La Bosnia ed Erzegovina si erge come l’ultimo ostacolo tra l’Italia e la qualificazione al prossimo Mondiale, in programma tra Stati Uniti, Canada e Messico dal 10 giugno al 19 luglio. Dopo aver superato l’Irlanda del Nord, gli Azzurri si preparano ad affrontare la nazionale bosniaca, reduce da una vittoria ai calci di rigore contro il Galles, in un incontro che si preannuncia decisivo martedì 31 marzo.
Alla guida della Bosnia c’è il 54enne Sergej Barbarez, un nome storico del calcio tedesco, celebre ex attaccante e straniero con il maggior numero di presenze in Bundesliga. Nato a Mostar, città che gli ha dedicato una strada, Barbarez ha assunto l’incarico nell’aprile 2024. Sotto la sua gestione, la squadra ha registrato 6 vittorie, 5 pareggi e 8 sconfitte in 20 partite, delineando un percorso di crescita e ricerca di stabilità.

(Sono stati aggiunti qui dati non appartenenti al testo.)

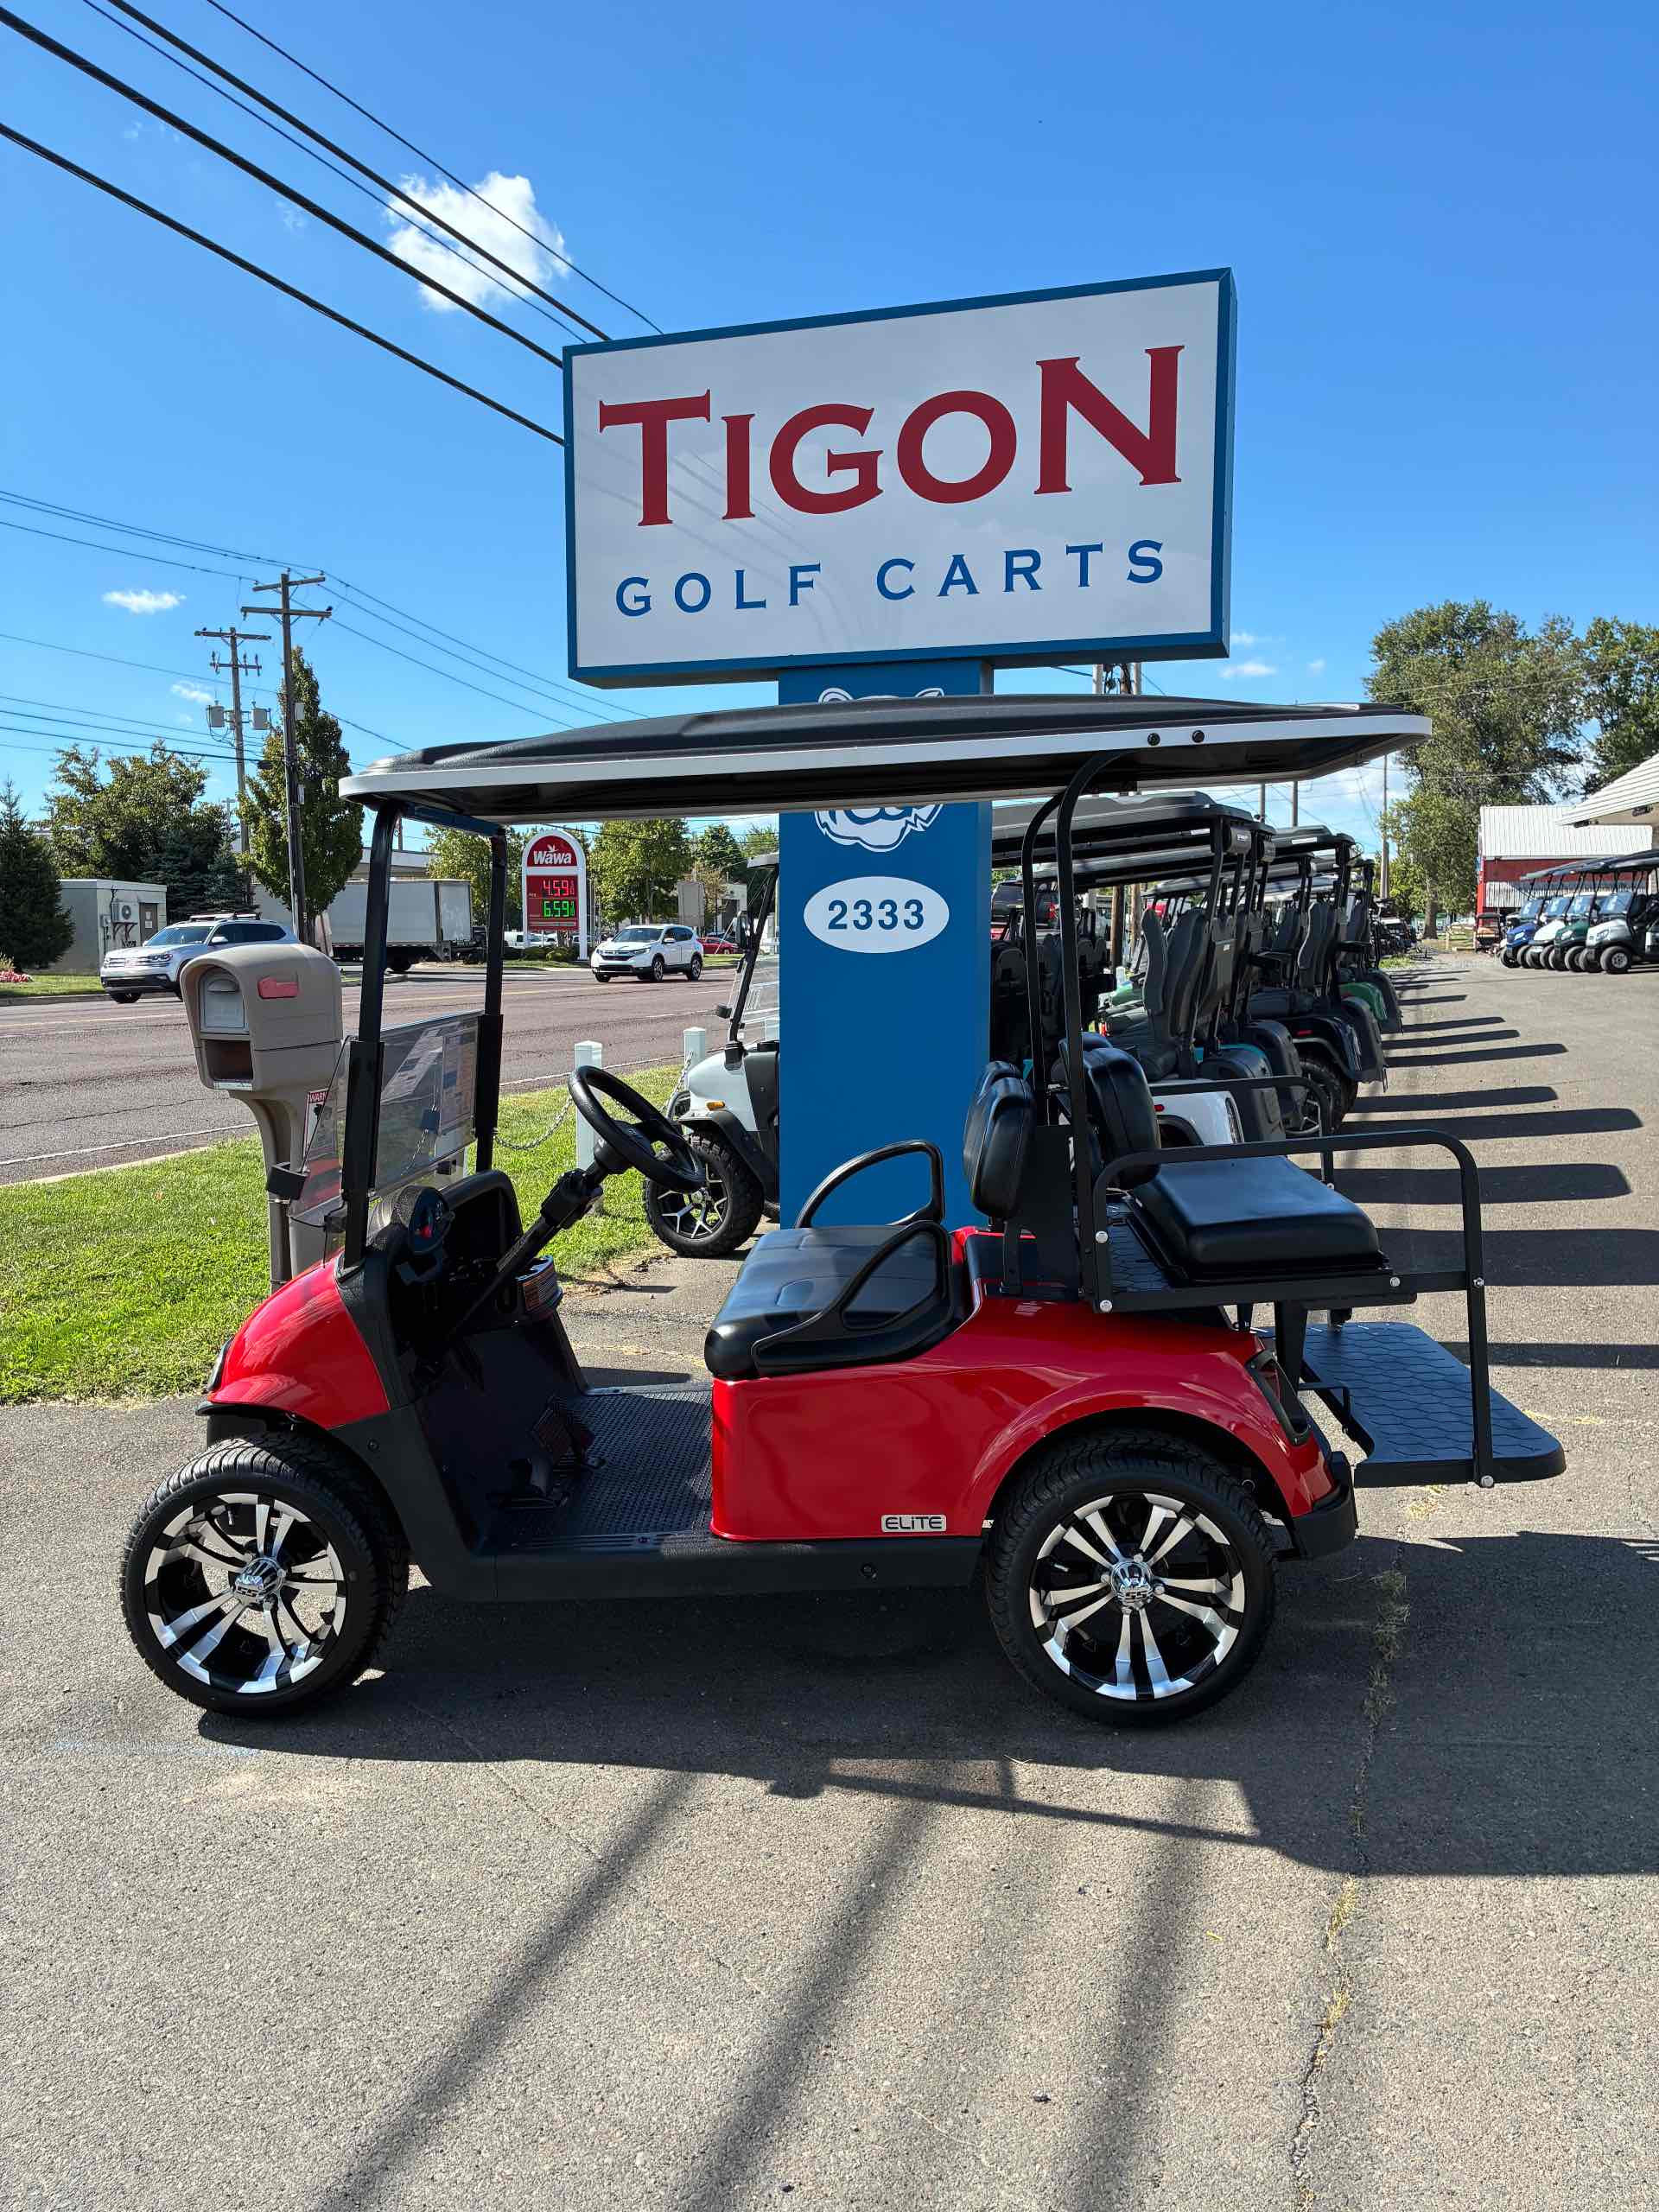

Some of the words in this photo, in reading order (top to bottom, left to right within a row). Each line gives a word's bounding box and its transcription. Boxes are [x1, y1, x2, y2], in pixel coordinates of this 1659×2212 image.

Lo Stile di Gioco della Bosnia
La Bosnia si distingue per le sue caratteristiche fisiche imponenti, con un’altezza media di 1,85 metri, che la rendono particolarmente efficace nel gioco aereo e nei contrasti. La filosofia di Sergej Barbarez privilegia una manovra rapida e dinamica: l’allenatore punta su un recupero aggressivo del pallone e verticalizzazioni immediate per trasformare rapidamente le azioni difensive in offensive. Il modulo preferito è il 3-5-2, dove le mezz’ali assumono un ruolo cruciale. Elementi come Benjamin Tahirovic (ex Roma, ora al Brøndby) e Armin Gigović (Young Boys) sono chiamati a garantire un elevato sacrificio e un’intensità costante su entrambi i fronti del campo.
I Pericoli da Monitorare: Dzeko e il Talento Alajbegovic
Naturalmente, tutti gli occhi saranno puntati su Edin Dzeko. A 40 anni, l’ex attaccante di Roma e Inter rimane il faro della sua nazionale, come dimostrato dalla rete all’89° minuto contro il Galles che ha forzato i supplementari e poi i rigori. Trasferitosi a gennaio in seconda divisione tedesca allo Schalke, ha già messo a segno 6 gol e 3 assist in sole 8 partite, confermando la sua letale efficacia.
Accanto al “Cigno di Sarajevo”, emerge il talento cristallino di Kerim Alajbegovic. Nonostante la giovanissima età (classe 2007, 18 anni), questo esterno offensivo (predilige la fascia sinistra) è uno dei più recenti gioielli emersi dalla “fabbrica” del Salisburgo e sta già lasciando il segno nel campionato austriaco, avendo anche realizzato il rigore decisivo contro il Galles.
La rosa bosniaca vanta anche una conoscenza del campionato italiano con la presenza di Sead Kolasinac dell’Atalanta e Tarik Muharemovic del Sassuolo, entrambi elementi in grado di fornire esperienza e qualità in campo.